Generally agreed that key indications for operative management are:
  • Haemodynamic instability (usually associated with other intra-abdominal injuries)
  • Renal pelvic avulsion - usually results in nephrectomy
  • Expanding, non-contained haematoma.
However, this too is evolving.

With increasing non-operative management, the role of the routine follow-up CT 4-6 days post injury also causes controversy.
  • One paper showed the incidence of operative management was <1% for blanket routine follow-up CT and around 20% when selected for clinical indication.
  • A second paper showed no complications occurred if the initial injury Grade was I-III or the patient was assymptomatic.
  • Again, retrospective analyses rather than RCTs.

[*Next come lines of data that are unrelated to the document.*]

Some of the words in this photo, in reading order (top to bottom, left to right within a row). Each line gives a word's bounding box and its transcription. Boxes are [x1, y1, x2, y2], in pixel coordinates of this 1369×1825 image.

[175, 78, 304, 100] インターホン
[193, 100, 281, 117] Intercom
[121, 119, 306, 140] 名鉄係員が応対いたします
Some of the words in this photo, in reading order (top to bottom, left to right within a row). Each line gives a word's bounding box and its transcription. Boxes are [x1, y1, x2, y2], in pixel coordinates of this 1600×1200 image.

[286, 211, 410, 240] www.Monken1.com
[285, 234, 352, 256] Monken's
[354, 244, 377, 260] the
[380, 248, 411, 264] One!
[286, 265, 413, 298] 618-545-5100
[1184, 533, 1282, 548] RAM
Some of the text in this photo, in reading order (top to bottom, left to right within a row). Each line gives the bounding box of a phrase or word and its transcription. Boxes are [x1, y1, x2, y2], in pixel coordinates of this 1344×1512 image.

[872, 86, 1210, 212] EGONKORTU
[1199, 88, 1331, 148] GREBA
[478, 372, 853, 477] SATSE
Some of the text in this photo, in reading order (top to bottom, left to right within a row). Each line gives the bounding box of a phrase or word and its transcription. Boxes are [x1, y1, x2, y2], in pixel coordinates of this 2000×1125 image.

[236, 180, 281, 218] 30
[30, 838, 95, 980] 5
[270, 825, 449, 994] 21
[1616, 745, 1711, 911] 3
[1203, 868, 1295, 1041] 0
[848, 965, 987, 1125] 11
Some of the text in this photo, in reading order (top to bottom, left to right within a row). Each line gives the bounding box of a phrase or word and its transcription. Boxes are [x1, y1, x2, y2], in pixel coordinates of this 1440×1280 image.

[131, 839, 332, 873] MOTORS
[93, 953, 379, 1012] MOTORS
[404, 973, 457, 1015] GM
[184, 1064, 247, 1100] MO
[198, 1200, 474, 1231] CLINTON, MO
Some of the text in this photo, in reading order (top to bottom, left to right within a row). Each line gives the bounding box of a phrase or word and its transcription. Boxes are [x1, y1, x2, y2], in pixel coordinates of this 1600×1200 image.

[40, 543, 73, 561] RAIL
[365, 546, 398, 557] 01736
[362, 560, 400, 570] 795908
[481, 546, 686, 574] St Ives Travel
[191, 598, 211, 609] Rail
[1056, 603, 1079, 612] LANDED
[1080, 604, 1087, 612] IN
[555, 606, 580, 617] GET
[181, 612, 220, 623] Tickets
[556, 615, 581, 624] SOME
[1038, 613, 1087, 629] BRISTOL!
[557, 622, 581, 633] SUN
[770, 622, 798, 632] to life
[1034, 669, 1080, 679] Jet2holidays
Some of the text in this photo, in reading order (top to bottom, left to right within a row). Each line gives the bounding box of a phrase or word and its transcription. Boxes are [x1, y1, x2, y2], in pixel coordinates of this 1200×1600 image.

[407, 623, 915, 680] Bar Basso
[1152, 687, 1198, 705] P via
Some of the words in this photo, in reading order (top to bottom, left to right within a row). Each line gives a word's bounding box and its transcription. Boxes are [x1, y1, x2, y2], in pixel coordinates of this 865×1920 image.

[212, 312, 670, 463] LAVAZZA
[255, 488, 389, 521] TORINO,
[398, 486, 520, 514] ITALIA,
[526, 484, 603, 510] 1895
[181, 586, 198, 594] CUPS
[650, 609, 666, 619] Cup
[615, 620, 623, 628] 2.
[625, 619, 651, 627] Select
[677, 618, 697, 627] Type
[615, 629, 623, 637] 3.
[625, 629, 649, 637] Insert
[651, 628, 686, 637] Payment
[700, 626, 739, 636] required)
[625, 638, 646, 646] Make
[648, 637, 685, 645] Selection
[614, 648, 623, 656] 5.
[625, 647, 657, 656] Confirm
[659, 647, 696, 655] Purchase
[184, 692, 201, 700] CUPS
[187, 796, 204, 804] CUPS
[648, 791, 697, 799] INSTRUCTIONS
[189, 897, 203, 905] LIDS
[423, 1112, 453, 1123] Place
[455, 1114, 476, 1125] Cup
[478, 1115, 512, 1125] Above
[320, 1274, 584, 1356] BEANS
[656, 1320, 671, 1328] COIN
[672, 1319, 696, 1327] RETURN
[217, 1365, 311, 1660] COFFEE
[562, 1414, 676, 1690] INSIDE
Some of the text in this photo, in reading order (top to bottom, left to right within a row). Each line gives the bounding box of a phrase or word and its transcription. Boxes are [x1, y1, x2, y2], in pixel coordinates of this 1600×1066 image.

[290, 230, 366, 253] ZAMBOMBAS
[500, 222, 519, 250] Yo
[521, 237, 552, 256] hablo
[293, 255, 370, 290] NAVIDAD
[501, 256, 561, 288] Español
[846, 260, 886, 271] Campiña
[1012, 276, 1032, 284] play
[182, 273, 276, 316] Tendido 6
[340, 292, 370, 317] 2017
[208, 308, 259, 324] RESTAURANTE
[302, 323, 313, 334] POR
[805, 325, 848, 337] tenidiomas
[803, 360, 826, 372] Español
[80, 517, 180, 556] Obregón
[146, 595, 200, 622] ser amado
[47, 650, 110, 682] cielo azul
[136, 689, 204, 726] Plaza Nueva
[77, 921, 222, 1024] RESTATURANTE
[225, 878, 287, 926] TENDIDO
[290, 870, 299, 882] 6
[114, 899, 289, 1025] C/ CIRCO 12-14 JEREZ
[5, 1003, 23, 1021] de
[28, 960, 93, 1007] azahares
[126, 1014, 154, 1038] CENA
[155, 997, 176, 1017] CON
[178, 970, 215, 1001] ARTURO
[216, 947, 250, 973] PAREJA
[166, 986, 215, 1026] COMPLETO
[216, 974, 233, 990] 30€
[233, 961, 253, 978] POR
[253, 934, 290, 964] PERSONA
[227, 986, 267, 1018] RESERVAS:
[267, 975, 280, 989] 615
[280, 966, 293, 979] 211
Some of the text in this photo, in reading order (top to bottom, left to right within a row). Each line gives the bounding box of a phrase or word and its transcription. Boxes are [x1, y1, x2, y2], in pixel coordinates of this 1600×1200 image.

So there you go. This may not change what you do at the track or circuit in terms of interventions, but maybe your index of suspicion and trauma referral practice might go up a notch or two.


References
  1. Haematuria in trauma - https://lifeinthefastlane.com/ccc/haematuria-in-trauma/
  2. Evaluation of Hematuria in Blunt Trauma - http://regionstraumapro.com/post/1601798416/hematuria
  3. Thoughts On Traumatic Hematuria: Part 1 - http://regionstraumapro.com/post/163906343900/thoughts-on-traumatic-hematuria
  4. AAST Revises Renal Injury Grading - http://regionstraumapro.com/post/2909024096
  5. Renal trauma - http://www.trauma.org/archive/abdo/renal/intro.html
  6. Management of blunt renal injury - what is new?. Eur J Trauma Emerg Surg (2015) 41:251–258
  7. Contemporary management of renal trauma - Differences between urologists and trauma surgeons. AAST 2011 PLENARY PAPER. J Trauma Volume 72, Number 1, Pg 68-77.